**TASK GOAL**
What you hand back must match the records word for word, with no pictures.

**RAW DATA**
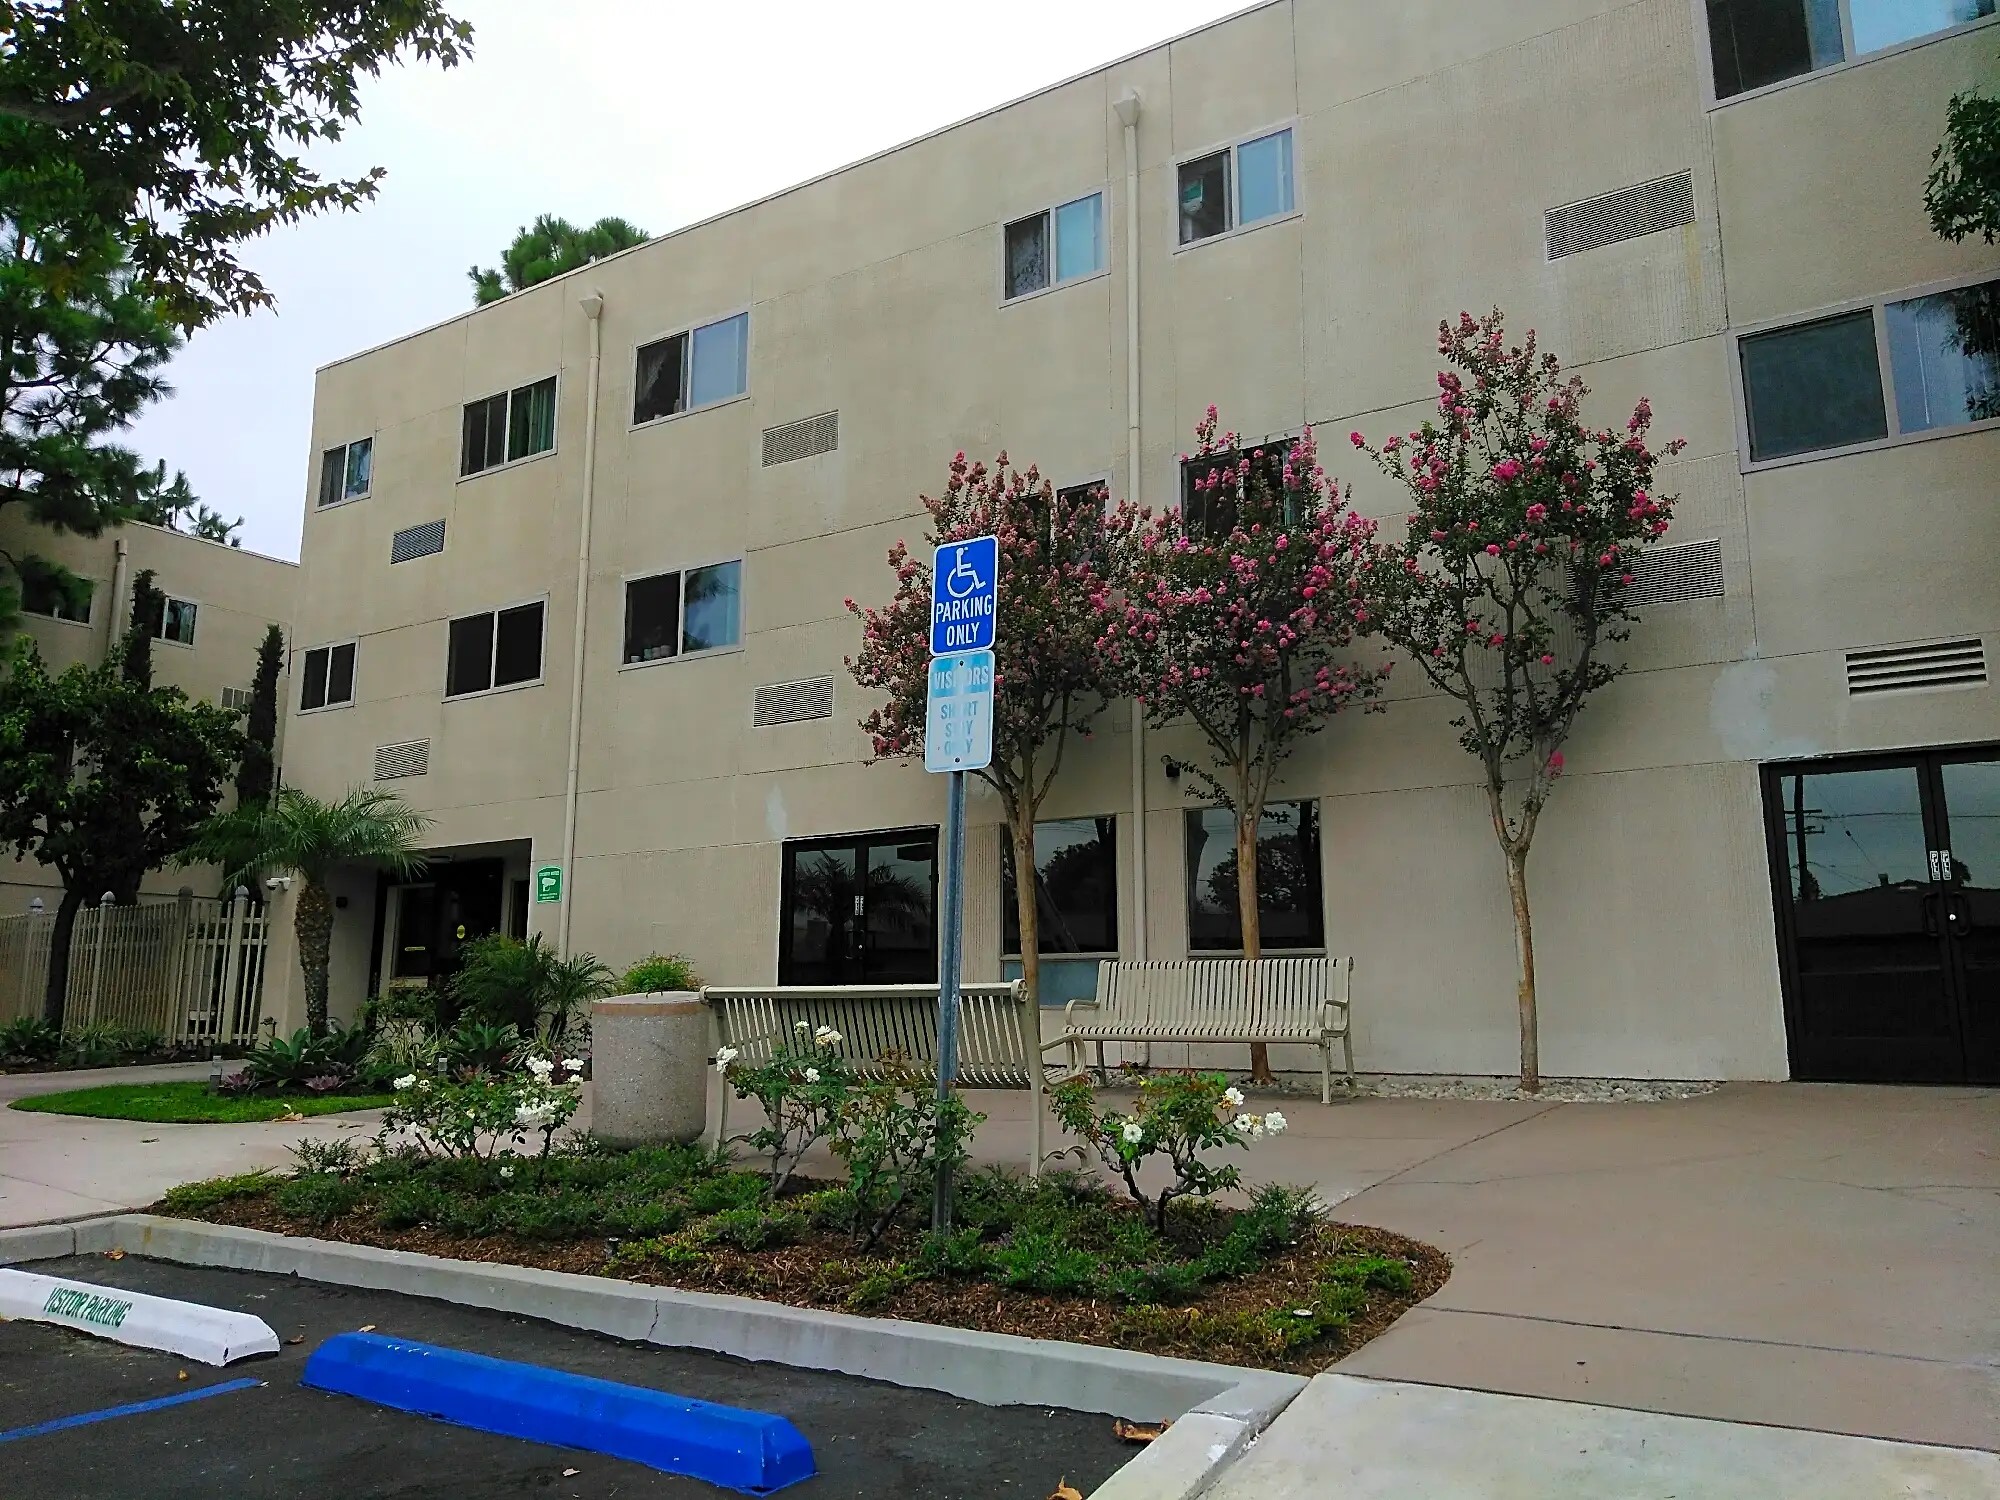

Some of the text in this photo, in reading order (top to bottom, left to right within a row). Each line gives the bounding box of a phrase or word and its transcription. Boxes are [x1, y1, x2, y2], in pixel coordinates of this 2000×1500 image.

[935, 594, 992, 624] PARKING
[946, 622, 980, 647] ONLY
[940, 700, 979, 720] SHRT
[43, 1287, 133, 1328] VISITOR PARKING

**SOLUTION FOR THIS TASK**
Some of the text in this photo, in reading order (top to bottom, left to right within a row). Each line gives the bounding box of a phrase or word and its transcription. Boxes are [x1, y1, x2, y2], in pixel coordinates of this 2000×1500 image.

[935, 594, 992, 624] PARKING
[946, 622, 980, 647] ONLY
[940, 700, 979, 720] SHRT
[43, 1287, 133, 1328] VISITOR PARKING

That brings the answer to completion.